Son fotoğraf...

O "son fotoğraf"a içimiz kanayarak baktık.

Çarşı izninin keyfi ile verilen "o selfie"ye.

Gencecik çocuklar...

İki haftada onlar gibi 60 evladımızı toprağa verdik.

Bir yılda üç yüze yakın insanımızı böylesi katliamlarda kaybettik...

Yirmili yaşlarının baharındaki çocukları toprağa koymaktan yorulduk.

Terörü lanetlemekten bıktık.

Terörün yöntemi bu: Toplumu yıldıracak eylemler gerçekleştirmek...

Terörizm, çoluk, çocuk, genç, yaşlı, kadın, erkek demez öldürerek sonuç elde etmeye çalışır.

Devlet ise buna engel olacak süreçleri planlar ve uygular.

Eğer saldırıların ardı kesilmiyorsa doğal olarak toplumda rahatsızlık oluşur.

Devletin "engel olmayla" ilgili birtakım eksiklikleri olduğunu ima eden mesajlara verilen tepkilere baktım sosyal medyada. Çoğunluğu "önce terörü kınayalım!" demiş, bazıları bu saldırıların arka planını "çözümleyerek" devletin eleştirilmesinin yanlış olduğunu izah etmeye çalışmış.

Aslında buradaki endişe bomba henüz patlamışken gelen eleştirilerin millî birliğimize halel getirecek olması değil.

Eleştiri oklarının sevdikleri siyasetçi veya bürokratlara yönelme ihtimali.

Durum bu kadar basit.

Onlarca şehidin ardından bile siyasetçimizi muhafaza ihtiyacı bu yaklaşımın gerekçesi.

Bunca saldırı, kan ve gözyaşından sonra hâlâ birilerinin, klasik olacak ama "devlet nerede?" diye soranları eleştirmesinin sebebi bu ilkel "sahiplenme" güdüsü.

Milletimin, birilerinin ismini zikretmekten imtina ettiği Türk Milletinin "vatan sağolsun!" yaklaşımının üzerine bina edilen bir güdü...

En acısı da bu...

***

Halbuki aynı çevreler 90'lı yıllardaki terörle mücadele şeklini "beyaz Toros" ile sembolize edip, "gelmeyecek o günler!" mesajı veriyorlardı.

Sahi kime veriliyordu o mesaj?

Köy kahvelerindeki çarıklı erkân-ı harbiyenin bile diline pelesenk olmuştu "ağbi güvenlikçi politikalarla bu iş bitmez!" sözleri...

Sahi bu sözler nerden düşüyordu milletin diline?

OHAL ne işe yarar?

Terör saldırılarından sonra yapılacak şey belli.

Milletçe birlik görüntüsü sergilemek, terörün hedefi olan "yılgınlığa" düşmemek. Şükür, milletimiz bunu başarıyla sergiliyor.

Şehitlerimizin cenazesine, geride bıraktıklarına, gazilerimize sahip çıkmak.

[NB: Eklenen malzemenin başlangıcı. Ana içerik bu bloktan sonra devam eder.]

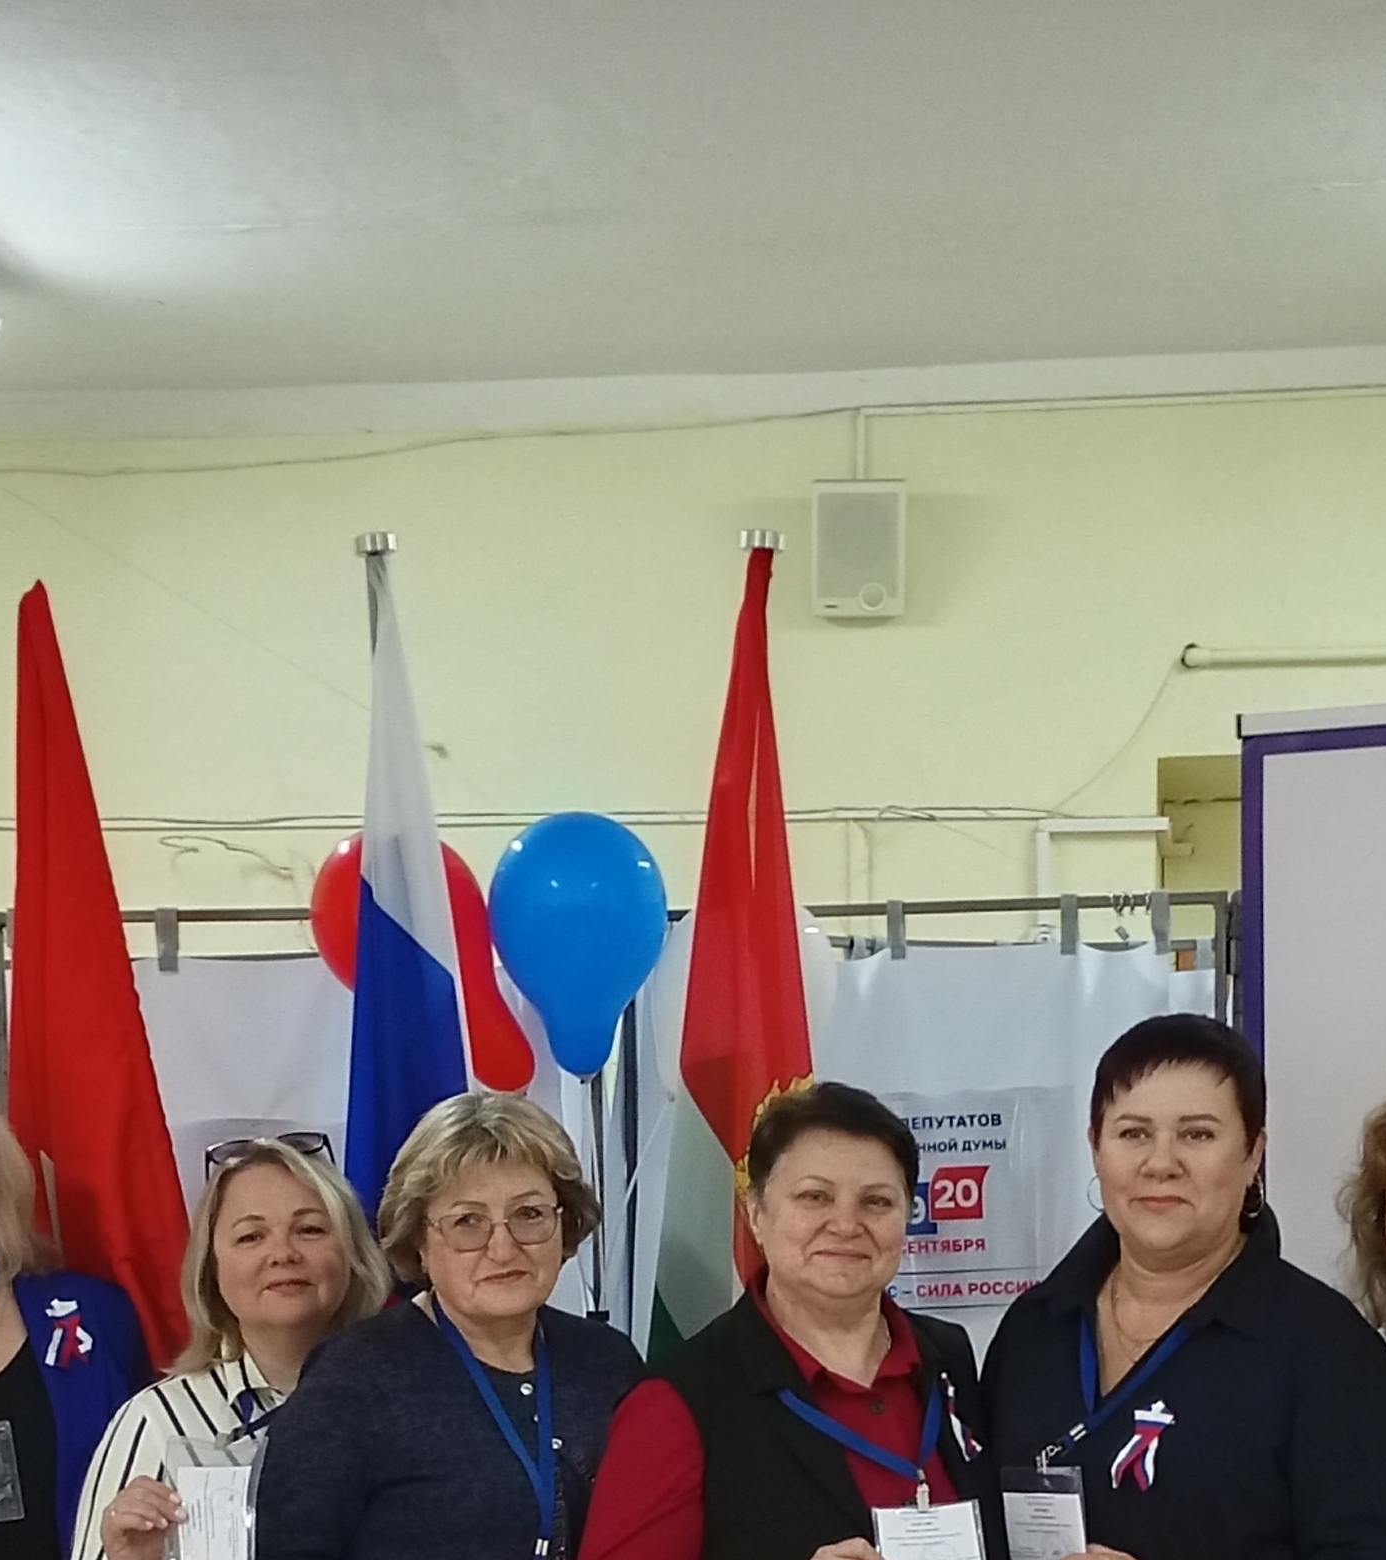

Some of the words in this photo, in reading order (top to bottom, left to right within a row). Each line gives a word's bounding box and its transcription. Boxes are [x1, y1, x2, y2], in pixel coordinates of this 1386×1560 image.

[962, 1138, 1007, 1152] ДУМЫ
[933, 1178, 979, 1209] 20
[902, 1238, 986, 1254] ЕНТЯБРЯ
[916, 1284, 963, 1298] СИЛА

Bildiğim kadarıyla bu konuda devlet ve millet üzerine düşeni yapıyor.

Ve nihayet bu olaylardan kamu düzeni adına sonuçlar çıkartmak.

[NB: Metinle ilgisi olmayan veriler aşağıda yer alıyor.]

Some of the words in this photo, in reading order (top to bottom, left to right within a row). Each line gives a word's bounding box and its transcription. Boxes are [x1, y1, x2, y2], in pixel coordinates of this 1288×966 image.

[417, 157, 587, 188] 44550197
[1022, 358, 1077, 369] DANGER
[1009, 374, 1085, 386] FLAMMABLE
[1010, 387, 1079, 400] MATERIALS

Bir ülkede bu kadar canlı bomba saldırısı oluyorsa bir güvenlik ve istihbarat zafiyeti olmadığını iddia etmek mümkün mü?

Hem de OHAL ortamında böylesi istihbarat zafiyetleri oluyorsa ortada bir problem yok mu?

Yine "şu günlerde bu da sorulacak soru mu?" diye mesaj atmayın.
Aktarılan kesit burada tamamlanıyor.